Isuzu Trooper Gravity sensor failed and cant get one, but have idea to replace it

Thread Starter

sdowney717

Joined Jul 18, 2012
648
Please tell me if my idea will WORK, I include a wire schematic for the G sensor.

I have looked at the factory service manual wiring schematic, and it looks like it is a simple variable resistor divider can be used to replace it. The sensor is designed to detect bumpy roads
The output voltage back to PCM is supposed to be between 2.35 to 2.65 vdc for normal operation.
Reference voltage is 5vdc
Ground is well ground turned on by PCM

I am thinking use a 500 ohm pot and set the voltage to middle or 2.45vdc for the detection wire feeding back to the PCM
The amp load for 5vdc with a 500 ohm resistance from ref to gnd is 0.01 amps, so I doubt the PCM would have an issue with that low amps?
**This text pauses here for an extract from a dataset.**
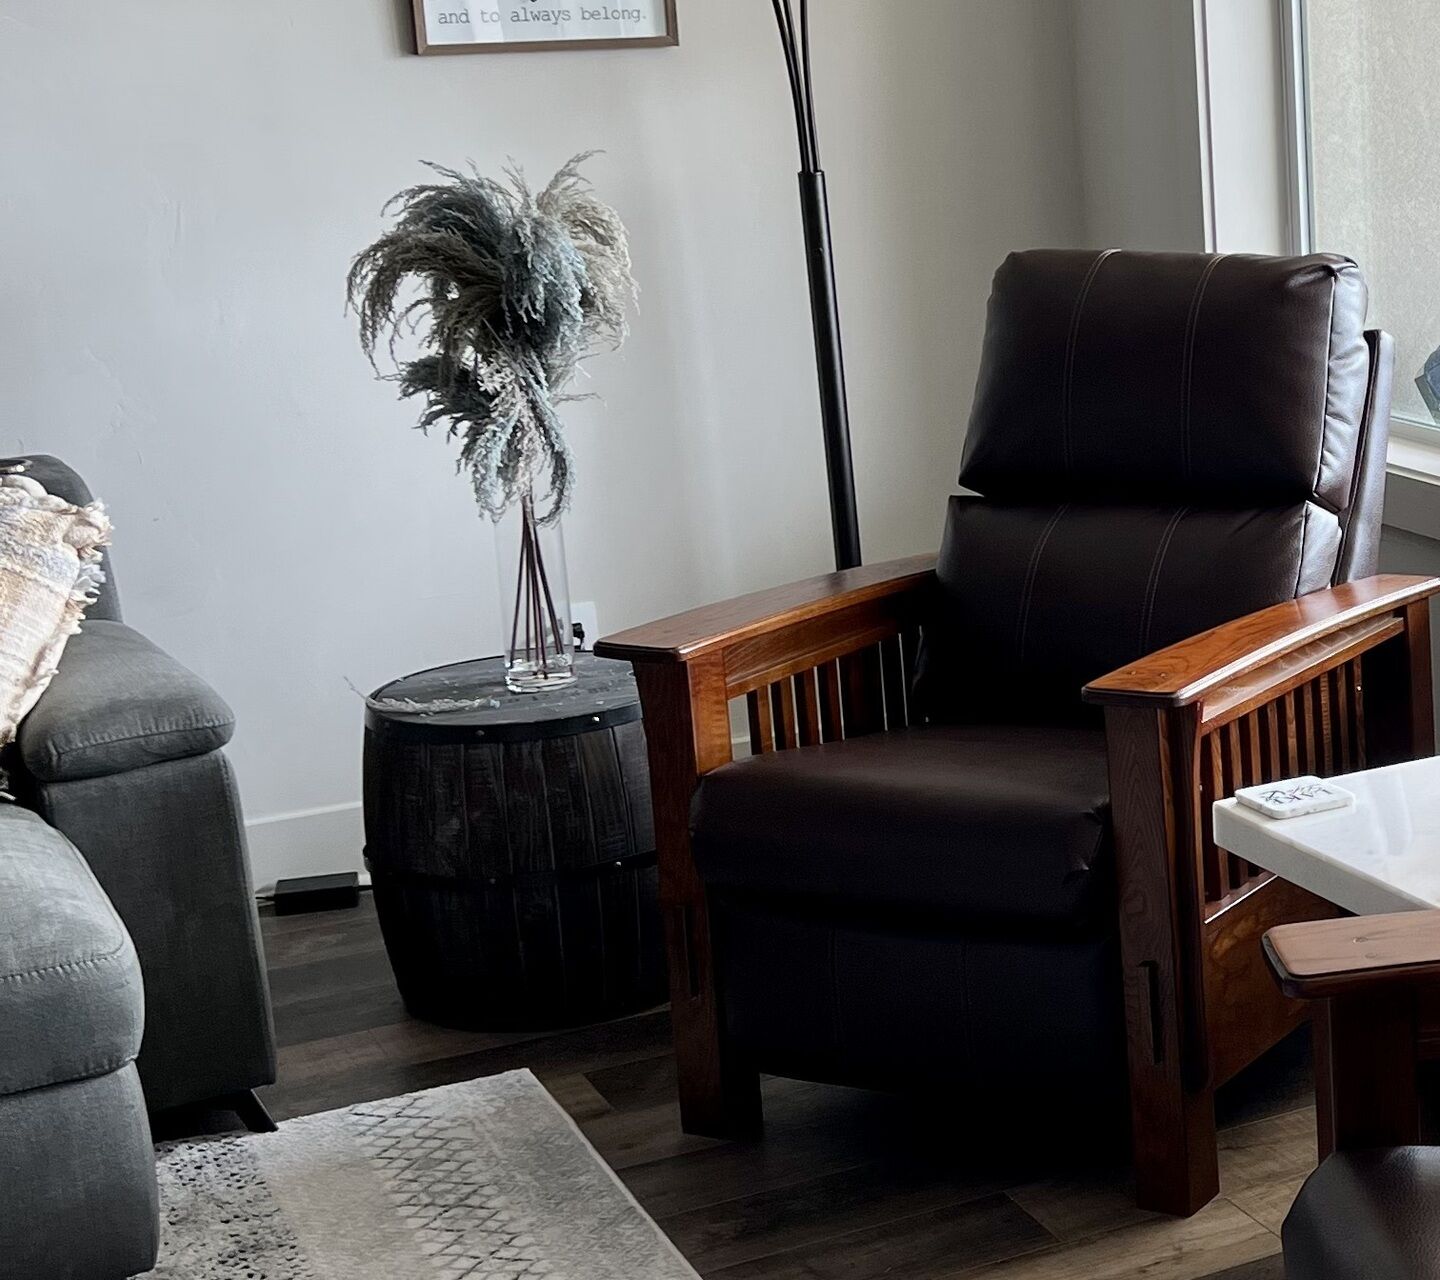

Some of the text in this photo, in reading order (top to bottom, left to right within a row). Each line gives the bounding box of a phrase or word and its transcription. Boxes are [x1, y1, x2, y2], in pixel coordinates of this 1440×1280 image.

[438, 6, 648, 25] and to always belong.
Here is a description of how it functions

The G-sensor is also known as the Rough-Road sensor. (1996 Trooper)96 Trooper-G-sensor-big.png

From Alldata.com:

The Gravity (G) sensor is a vertical Low-g (gravity) acceleration sensor. By sensing vertical acceleration caused by bumps or potholes in the road, the powertrain control module (PCM) can determine if the changes in crankshaft speed are due to engine misfire or are driveline induced. If the G sensor detects a rough road condition the PCM misfire detection diagnostic will be deactivated. The G sensor at rest output should be between 2.35 - 2.65 volts (+1G). During a rough road condition the voltage output can vary between 0.5 volt (-1G) and 4.5 volts (+3G).
 
Last edited:

Picbuster

Joined Dec 2, 2013
979
Please tell me if my idea will WORK, I include a wire schematic for the G sensor.

I have looked at the factory service manual wiring schematic, and it looks like it is a simple variable resistor divider can be used to replace it. The sensor is designed to detect bumpy roads
The output voltage back to PCM is supposed to be between 2.35 to 2.65 vdc for normal operation.
Reference voltage is 5vdc
Ground is well ground turned on by PCM

I am thinking use a 500 ohm pot and set the voltage to middle or 2.45vdc for the detection wire feeding back to the PCM
The amp load for 5vdc with a 500 ohm resistance from ref to gnd is 0.01 amps, so I doubt the PCM would have an issue with that low amps?

Here is a description of how it functions

The G-sensor is also known as the Rough-Road sensor. (1996 Trooper)View attachment 187285

From Alldata.com:

The Gravity (G) sensor is a vertical Low-g (gravity) acceleration sensor. By sensing vertical acceleration caused by bumps or potholes in the road, the powertrain control module (PCM) can determine if the changes in crankshaft speed are due to engine misfire or are driveline induced. If the G sensor detects a rough road condition the PCM misfire detection diagnostic will be deactivated. The G sensor at rest output should be between 2.35 - 2.65 volts (+1G). During a rough road condition the voltage output can vary between 0.5 volt (-1G) and 4.5 volts (+3G).
https://www.autozone.com
https://www.autohausaz.com/isuzu-auto-parts/isuzu-trooper-parts.html

picbuster
 

Thread Starter

sdowney717

Joined Jul 18, 2012
648
Again, you can not buy it anymore, I also looked at your links, there is no listing.
They have dropped all support for this sensor.
A lot of places will not pass your car if it shows an engine code.
https://www.autohausaz.com/catalog/k/isuzu/1996/1340~96~210~1~~5~8-trooper_ls/g sensor?s=r&page=3

Sensor part #8-p7115-937-0 is an oem unavailable part only.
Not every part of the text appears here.